WHAT THIS TASK INVOLVES.
Could you copy the records below exactly, keeping none of the images?
:: DATA FOR ANALYSIS ::
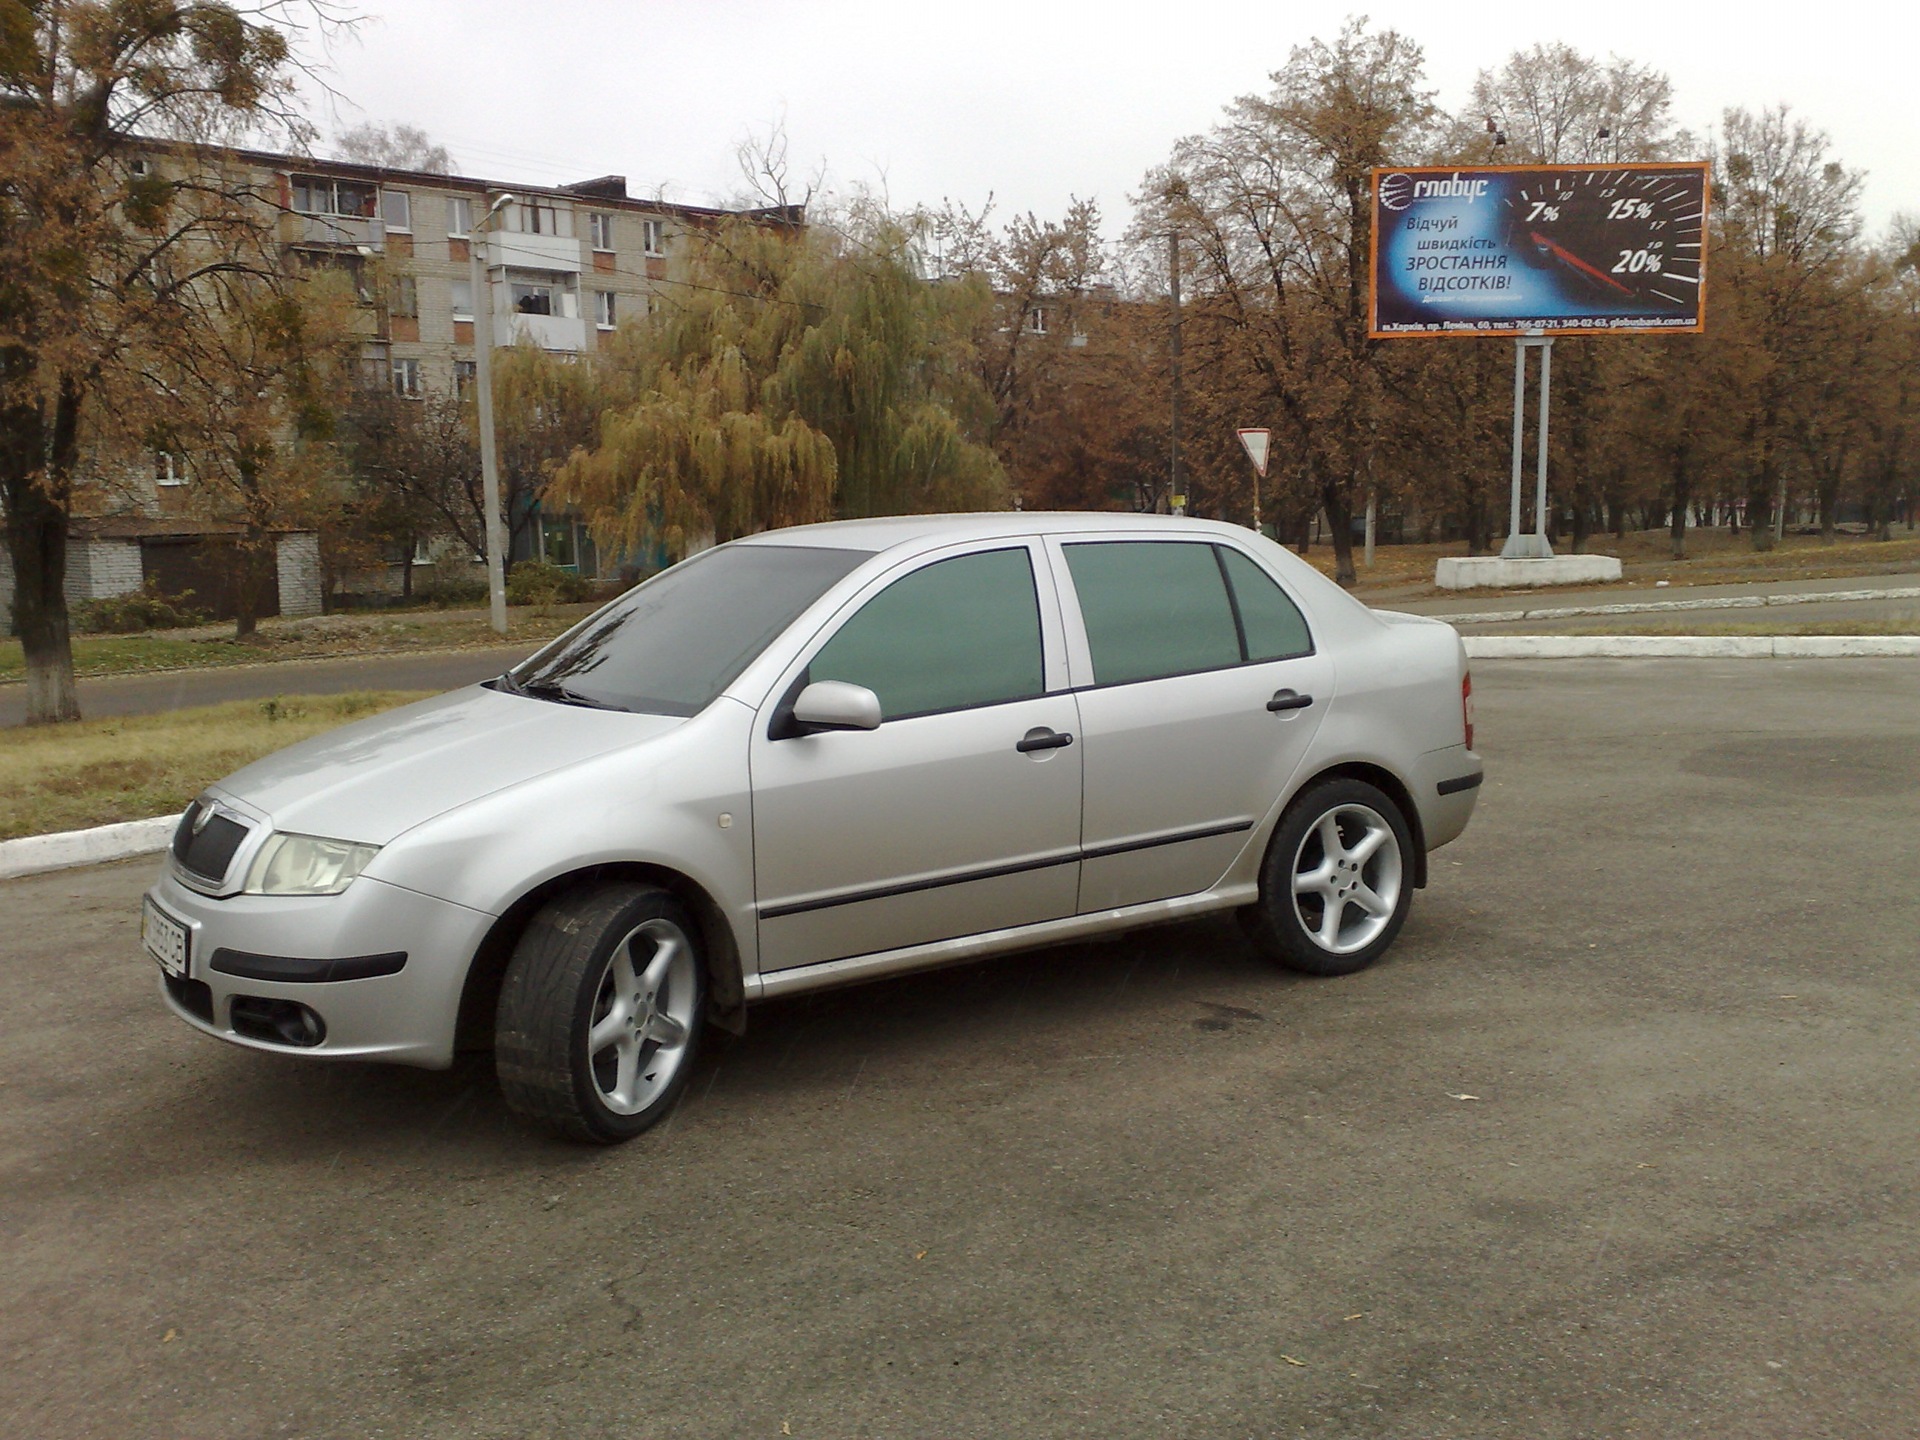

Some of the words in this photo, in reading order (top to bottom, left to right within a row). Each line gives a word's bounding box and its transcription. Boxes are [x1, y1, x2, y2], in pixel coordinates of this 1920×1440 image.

[1557, 190, 1574, 201] 10
[1599, 188, 1617, 198] 13
[1526, 202, 1560, 222] 7%
[1606, 198, 1656, 220] 15%
[1406, 216, 1458, 232] Відчуй
[1649, 220, 1668, 230] 17
[1417, 236, 1496, 251] швидкість
[1405, 255, 1508, 271] ЗРОСТАННЯ
[1611, 249, 1664, 273] 20%
[1418, 275, 1512, 292] ВІДСОТКІВ!
:::
FINISHED TASK.
Some of the words in this photo, in reading order (top to bottom, left to right within a row). Each line gives a word's bounding box and its transcription. Boxes are [x1, y1, x2, y2], in pixel coordinates of this 1920×1440 image.

[1557, 190, 1574, 201] 10
[1599, 188, 1617, 198] 13
[1526, 202, 1560, 222] 7%
[1606, 198, 1656, 220] 15%
[1406, 216, 1458, 232] Відчуй
[1649, 220, 1668, 230] 17
[1417, 236, 1496, 251] швидкість
[1405, 255, 1508, 271] ЗРОСТАННЯ
[1611, 249, 1664, 273] 20%
[1418, 275, 1512, 292] ВІДСОТКІВ!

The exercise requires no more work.